When the police need Charlie's help tracking the drug dealers in the bush, Charlie makes a show of pretending to examine tire tracks, examining the road closely. He impresses the officers by telling them the exact time—ten in the morning the day before—when the dealers stopped and turned left at a fork in the road. One of the white officers shakes his head in disbelief and delivers this line, a would-be compliment shrouded in racist condescension. The line is significant because of the dramatic irony of the moment: the white officer has no idea just how smart Charlie is, as he is playing both the police and the dealers off of each other, assisting both but having allegiance to neither.
"Good tucker. Our food."
When looking for sustenance in the bush, Charlie finds a small root vegetable. He roasts it on the embers of his fire and delivers this line, "tucker" meaning food in Australian English. The moment is significant because it shows Charlie's sincere attempt at reconnecting with his culture through the "bush tucker" his ancestors survived on prior to the colonial imposition of unhealthy processed foods on his people.
“I trusted you, you useless black bastard.”
After days of drinking and sleeping rough with a group of unhoused Aboriginal people, Charlie receives an unexpected visit from Officer Luke.
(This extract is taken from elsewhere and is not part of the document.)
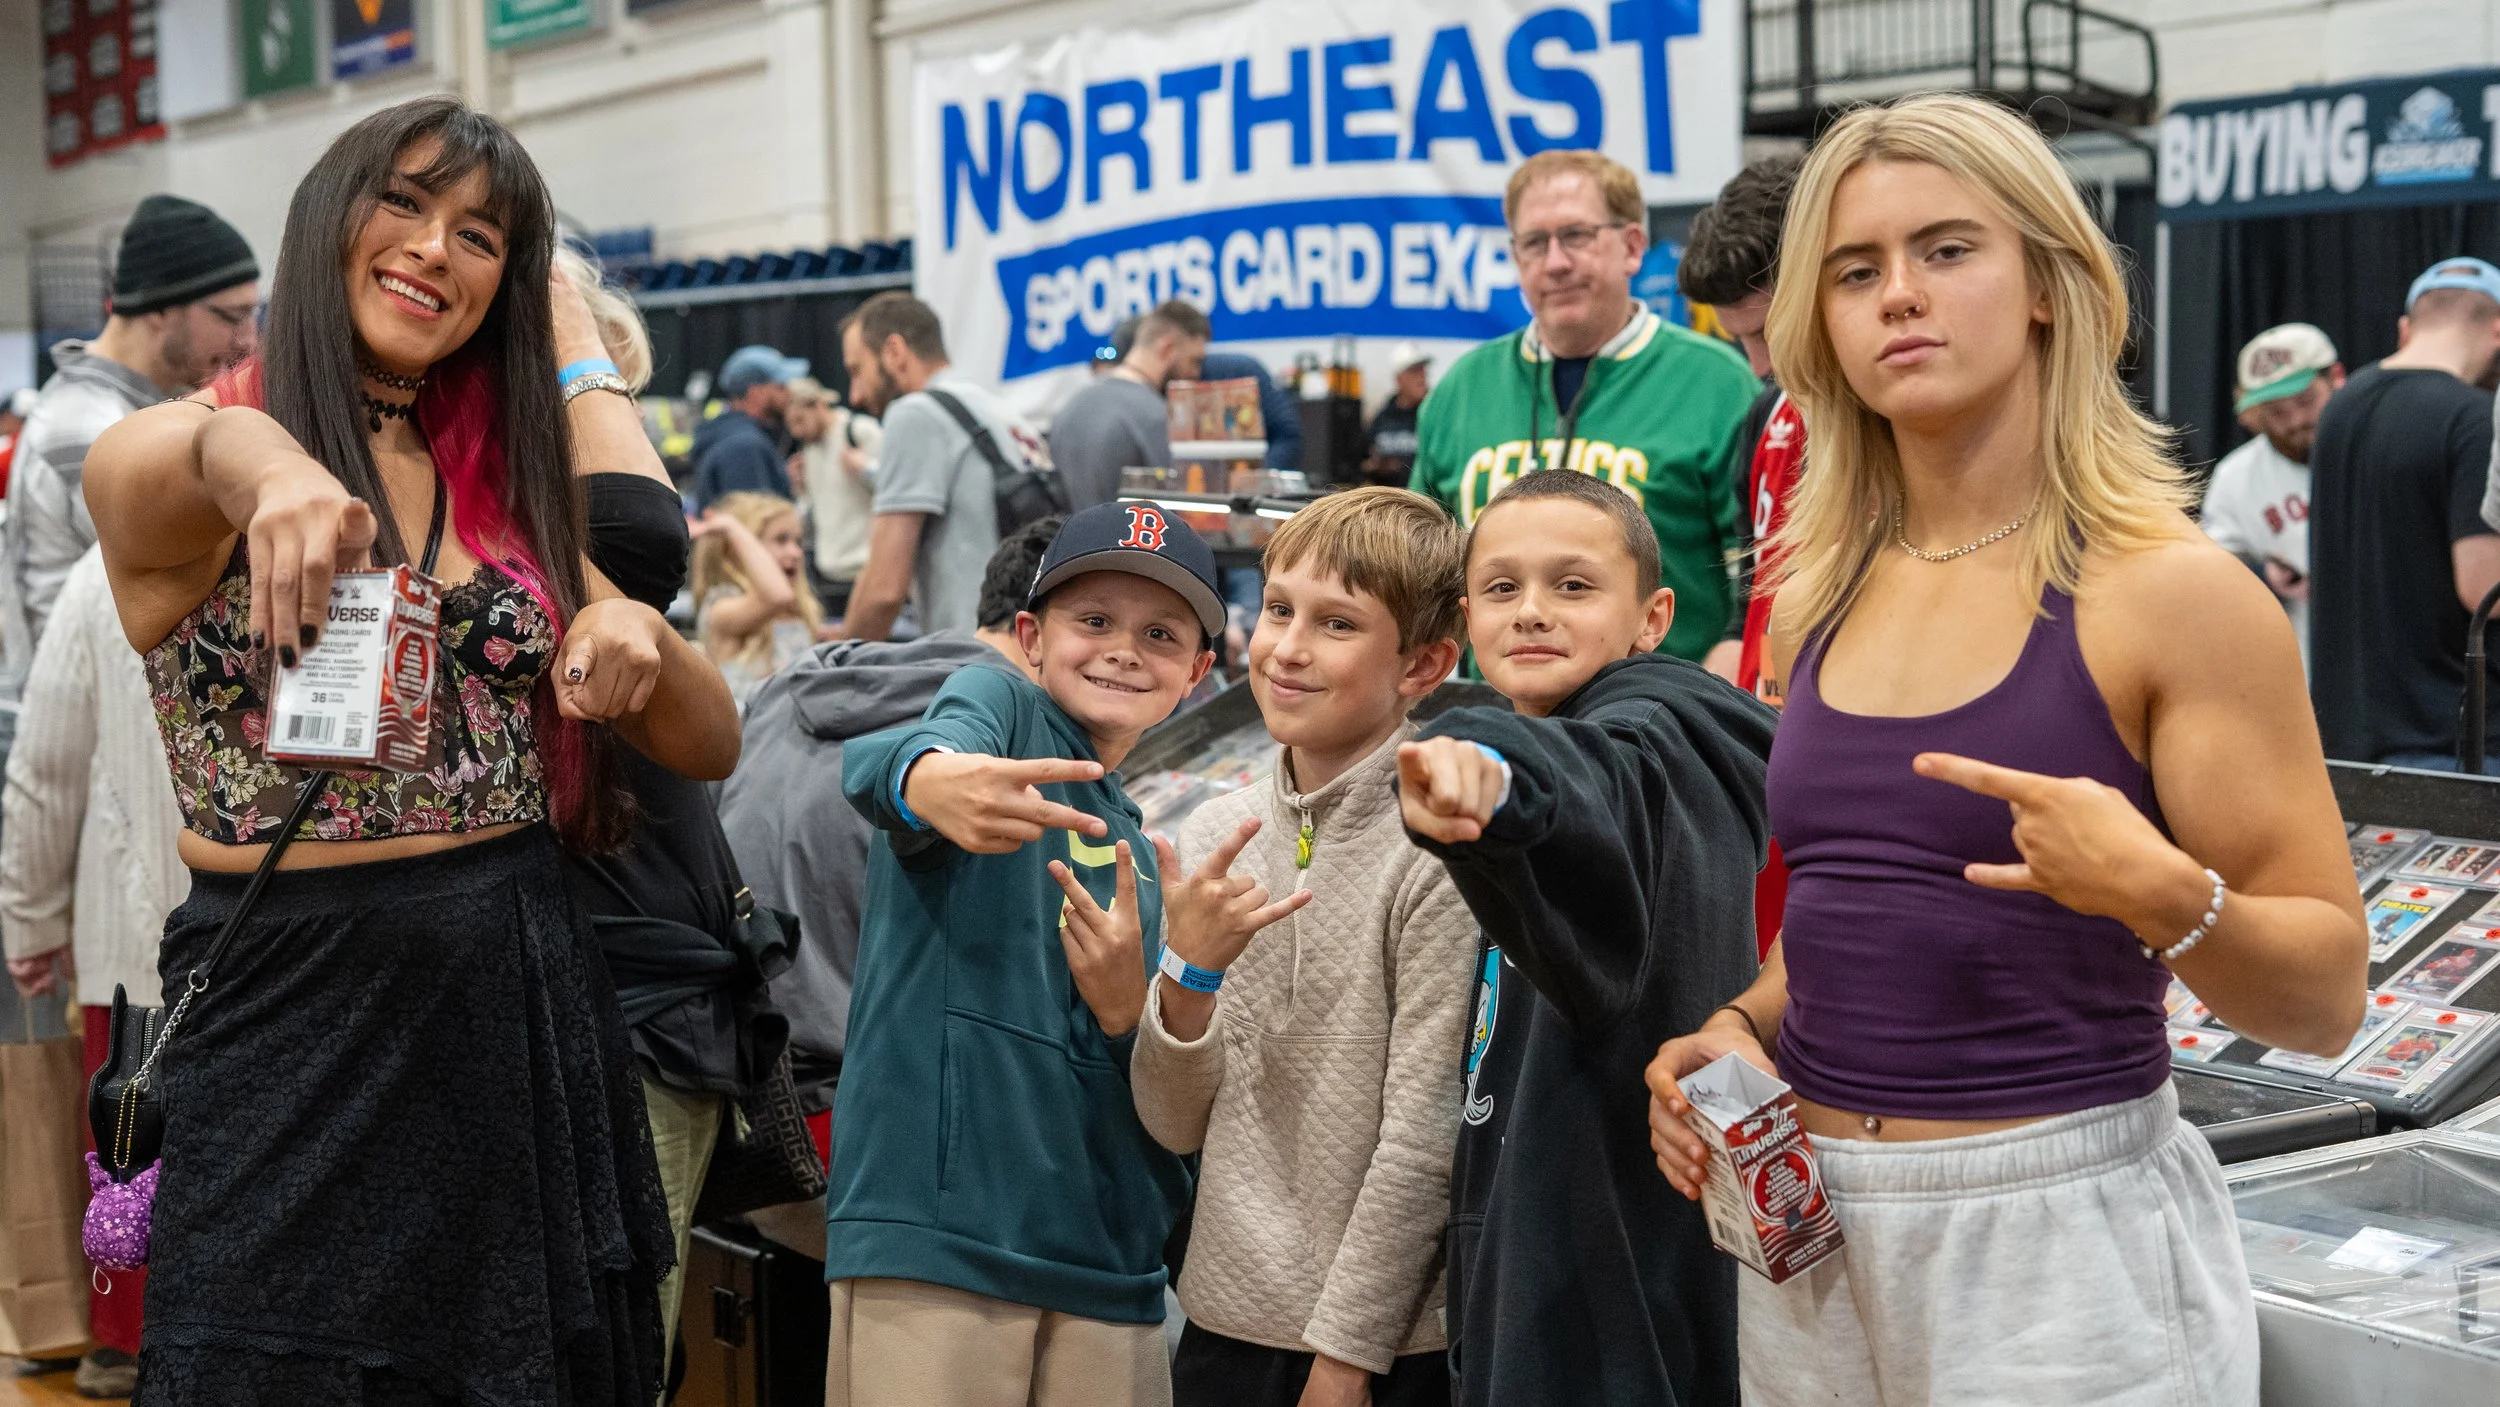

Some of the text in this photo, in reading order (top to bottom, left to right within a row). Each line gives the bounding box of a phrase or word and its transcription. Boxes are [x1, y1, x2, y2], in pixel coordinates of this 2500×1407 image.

As Luke's police car approaches the encampment and people scatter, Charlie smashes the cruiser’s windshield with a shovel. Luke delivers this line while punching Charlie in the stomach repeatedly. The line is significant because it reveals the racial prejudice Luke has harbored against Charlie throughout the film, despite the polite demeanor he displays.
“Fuck this… we have to go home.”
While in the Darwin hospital, Charlie strolls through the corridors, attached to his IV drip, until he finds the elderly man with kidney trouble who was earlier seen airlifted out of the community. Charlie holds the man’s hands and sits beside him. Charlie says, "Fuck this… we have to go home" while weeping for the man. He grieves over the issue of Aboriginal people having to leave their under-served community for medical attention and ending up dying alone. The moment is significant because it prompts Charlie to remove his IV and leave the hospital before he is officially discharged.